On several occasions Maude has had to check Geraldine for vital signs – waving a hand across her eye-line and searching for a pulse. A series of gentle prods with a pen would usually bring Geraldine out of her reverie and back into to the world of the conscious. On one occasion, however, Geraldine was locked more deeply in her own private world than usual. She was seated in the staffroom at the time. Maude entered the room to wash her coffee cup and found Geraldine motionless, again. Maude noticed that Geraldine’s coffee was cold in front of her and that it had acquired a skin. She removed it and washed the cup. In a further attempt to cover for her unfortunate colleague, she found some kitchen roll and dabbed away the drool on Geraldine’s chin. It was at this point that Geraldine came round in a blind panic, thought that she was being molested in some indefinable way, and soiled herself. It was this incident that became the basis for the poor woman’s ‘official grievance’ against her manager, Maude.

Maude’s concern has grown. Geraldine’s absences have taken on a new dimension and she has become physically elusive. Her classes have been left unattended, her books unmarked and her car nowhere to be seen in the car park. Maude’s teaching was disturbed recently when noise from one of Geraldine’s classes filtered down the corridor and caught her attention. On investigation, Maude came upon a near-riot in Geraldine’s form class – with the teacher nowhere to be seen.

‘Where is Miss Hush?’ Maude asked. Sniggers circulated the room. Maude then noticed that most eyes in the room were trained on two mischievous boys at the back of the class. They were standing motionless, in poses reminiscent of shop mannequins. Maude resisted the temptation to be amused and put them both in detention.

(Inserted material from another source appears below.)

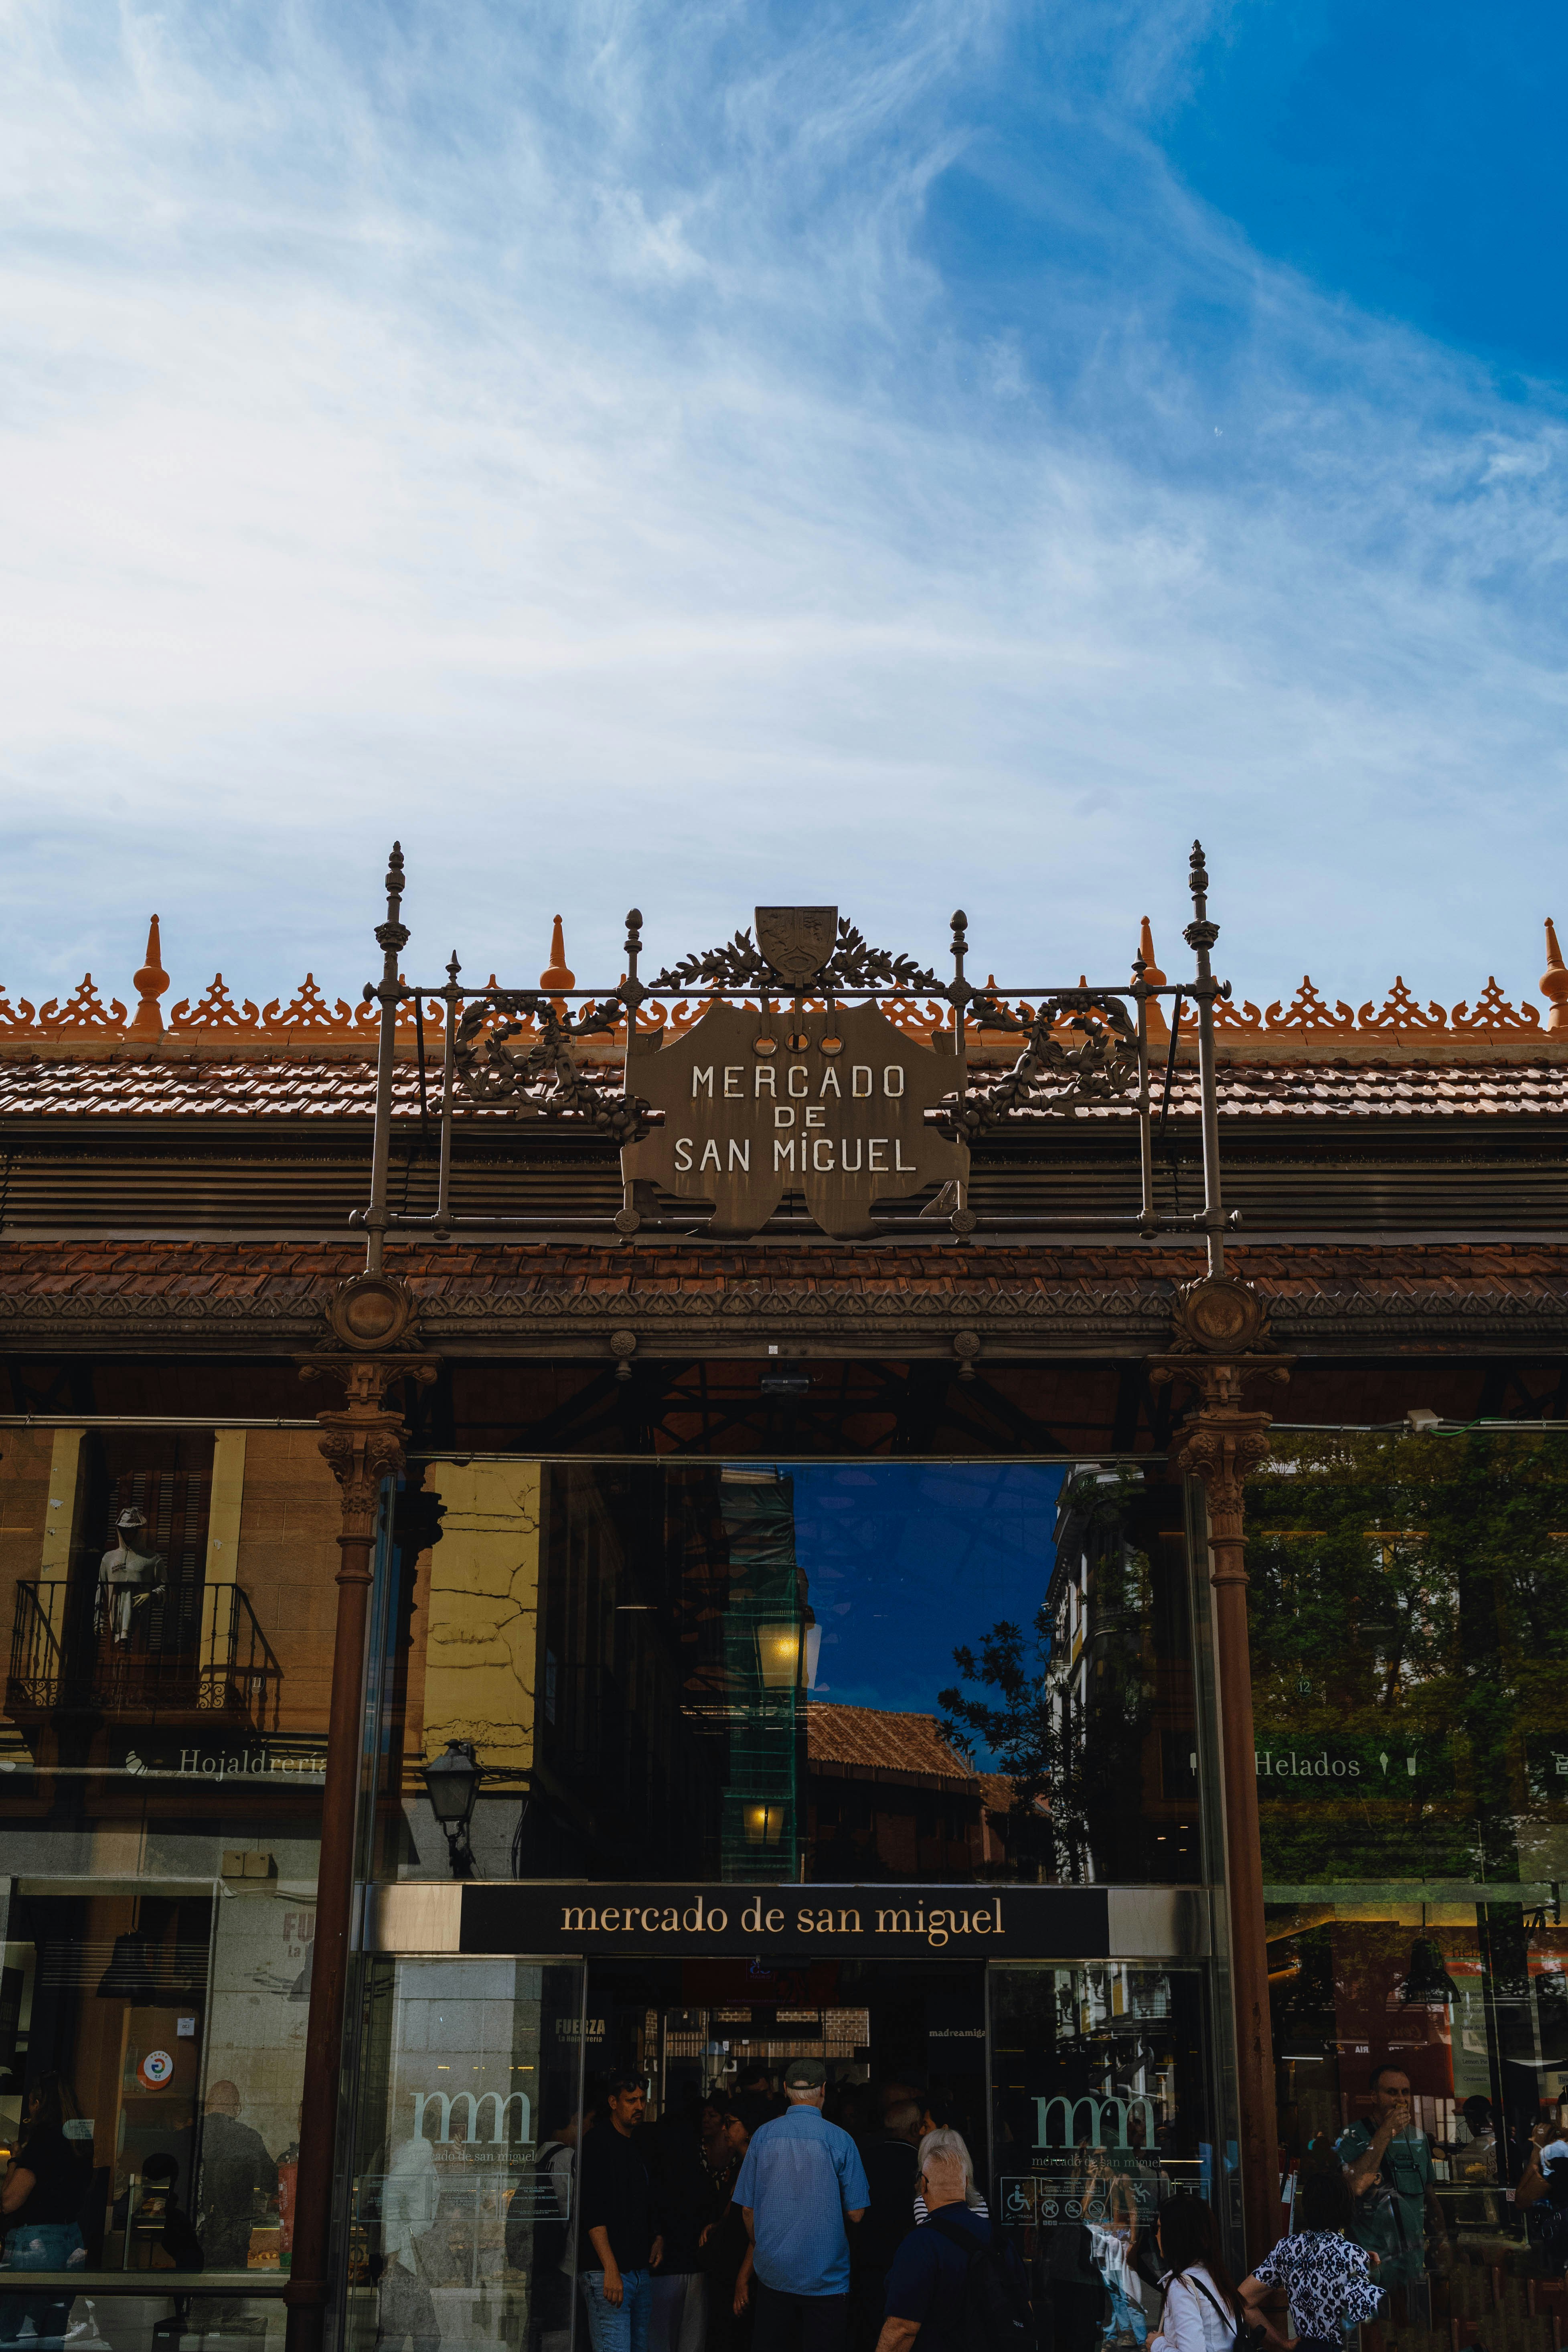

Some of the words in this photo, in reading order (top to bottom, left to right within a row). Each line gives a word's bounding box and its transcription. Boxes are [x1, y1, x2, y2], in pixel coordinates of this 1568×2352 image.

On Saturday some light was shed on the reasons for Geraldine’s unusual behaviour. Maude and I braved the crowds and the bitter cold in an attempt to start our Christmas shopping. We parked on the open-air level at the top of our usual car park, after our trip up the helter-skelter ramp showed no spaces on all the other levels. Windblown and tired before we’d even entered a shop we decided to cheer ourselves by joining the ranks of parents and children taking in the spectacle of the famous Christmas display in the Fenwick department store window. Maude loves Christmas and her eyes lit up as we watched a clockwork Father Christmas pass exquisitely wrapped presents along a chain of animated elves. We watched, as rapt as the gasping small children around us, as each gift travelled from Santa along the chain to its destination under the splendid Christmas tree in the beautifully reconstructed 1950’s family lounge in the adjoining window. An idyllic family scene was represented. A boy and a girl were posed, with hands raised in glee, dwarfed by an enormous twinkling Christmas tree. Mum and Dad looked on with satisfied smiles from the sofa and all the family members basked in the golden glow of a large festive open fire. The accompaniment was a rousing version of ‘Jingle Bells’ - replete with Santa’s rich laughter and the chuckling of busy elves. Like Maude, I followed the progress of the first gift all the way to the foot of the tree and felt an uncharacteristic surge of festive anticipation.

‘Here comes another one!’ said a father beside me, drawing his little boy’s attention back to Santa’s sack – the source of all the wonderment. The assembled eyes all went back to the font of gifts – like spectators in a slow-motion game of tennis. All, that is, apart from Maude.

‘Darling?’ I noticed that her giggling had ceased.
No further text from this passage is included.